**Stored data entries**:
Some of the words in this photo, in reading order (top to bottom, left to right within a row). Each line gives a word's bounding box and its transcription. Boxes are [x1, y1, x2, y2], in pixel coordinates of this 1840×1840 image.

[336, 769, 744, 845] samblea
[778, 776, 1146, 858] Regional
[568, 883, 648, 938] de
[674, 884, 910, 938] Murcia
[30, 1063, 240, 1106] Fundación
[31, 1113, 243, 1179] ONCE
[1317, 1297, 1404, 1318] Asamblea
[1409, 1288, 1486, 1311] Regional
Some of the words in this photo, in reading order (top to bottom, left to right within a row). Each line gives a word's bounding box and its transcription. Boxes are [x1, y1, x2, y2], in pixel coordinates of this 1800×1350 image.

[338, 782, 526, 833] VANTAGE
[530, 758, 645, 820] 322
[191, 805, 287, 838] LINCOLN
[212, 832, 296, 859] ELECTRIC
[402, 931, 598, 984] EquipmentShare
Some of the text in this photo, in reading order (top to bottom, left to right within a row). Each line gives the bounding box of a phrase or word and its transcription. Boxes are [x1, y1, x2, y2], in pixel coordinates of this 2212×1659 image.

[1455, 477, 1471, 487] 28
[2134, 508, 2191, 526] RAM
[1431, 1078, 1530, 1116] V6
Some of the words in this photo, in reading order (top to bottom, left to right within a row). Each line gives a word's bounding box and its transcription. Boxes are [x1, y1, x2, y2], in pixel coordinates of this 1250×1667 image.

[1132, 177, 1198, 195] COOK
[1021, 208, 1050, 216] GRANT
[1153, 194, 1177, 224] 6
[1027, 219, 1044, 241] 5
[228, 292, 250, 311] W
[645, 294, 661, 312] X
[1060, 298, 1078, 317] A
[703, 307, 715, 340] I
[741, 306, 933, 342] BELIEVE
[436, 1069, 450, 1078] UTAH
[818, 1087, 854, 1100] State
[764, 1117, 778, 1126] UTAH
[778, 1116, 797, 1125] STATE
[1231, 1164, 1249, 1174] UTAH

**Aim of the exercise**:
Nothing should be missing: every line above must be reproduced exactly.

**Finished task**:
Some of the words in this photo, in reading order (top to bottom, left to right within a row). Each line gives a word's bounding box and its transcription. Boxes are [x1, y1, x2, y2], in pixel coordinates of this 1840×1840 image.

[336, 769, 744, 845] samblea
[778, 776, 1146, 858] Regional
[568, 883, 648, 938] de
[674, 884, 910, 938] Murcia
[30, 1063, 240, 1106] Fundación
[31, 1113, 243, 1179] ONCE
[1317, 1297, 1404, 1318] Asamblea
[1409, 1288, 1486, 1311] Regional
Some of the words in this photo, in reading order (top to bottom, left to right within a row). Each line gives a word's bounding box and its transcription. Boxes are [x1, y1, x2, y2], in pixel coordinates of this 1800×1350 image.

[338, 782, 526, 833] VANTAGE
[530, 758, 645, 820] 322
[191, 805, 287, 838] LINCOLN
[212, 832, 296, 859] ELECTRIC
[402, 931, 598, 984] EquipmentShare
Some of the text in this photo, in reading order (top to bottom, left to right within a row). Each line gives the bounding box of a phrase or word and its transcription. Boxes are [x1, y1, x2, y2], in pixel coordinates of this 2212×1659 image.

[1455, 477, 1471, 487] 28
[2134, 508, 2191, 526] RAM
[1431, 1078, 1530, 1116] V6
Some of the words in this photo, in reading order (top to bottom, left to right within a row). Each line gives a word's bounding box and its transcription. Boxes are [x1, y1, x2, y2], in pixel coordinates of this 1250×1667 image.

[1132, 177, 1198, 195] COOK
[1021, 208, 1050, 216] GRANT
[1153, 194, 1177, 224] 6
[1027, 219, 1044, 241] 5
[228, 292, 250, 311] W
[645, 294, 661, 312] X
[1060, 298, 1078, 317] A
[703, 307, 715, 340] I
[741, 306, 933, 342] BELIEVE
[436, 1069, 450, 1078] UTAH
[818, 1087, 854, 1100] State
[764, 1117, 778, 1126] UTAH
[778, 1116, 797, 1125] STATE
[1231, 1164, 1249, 1174] UTAH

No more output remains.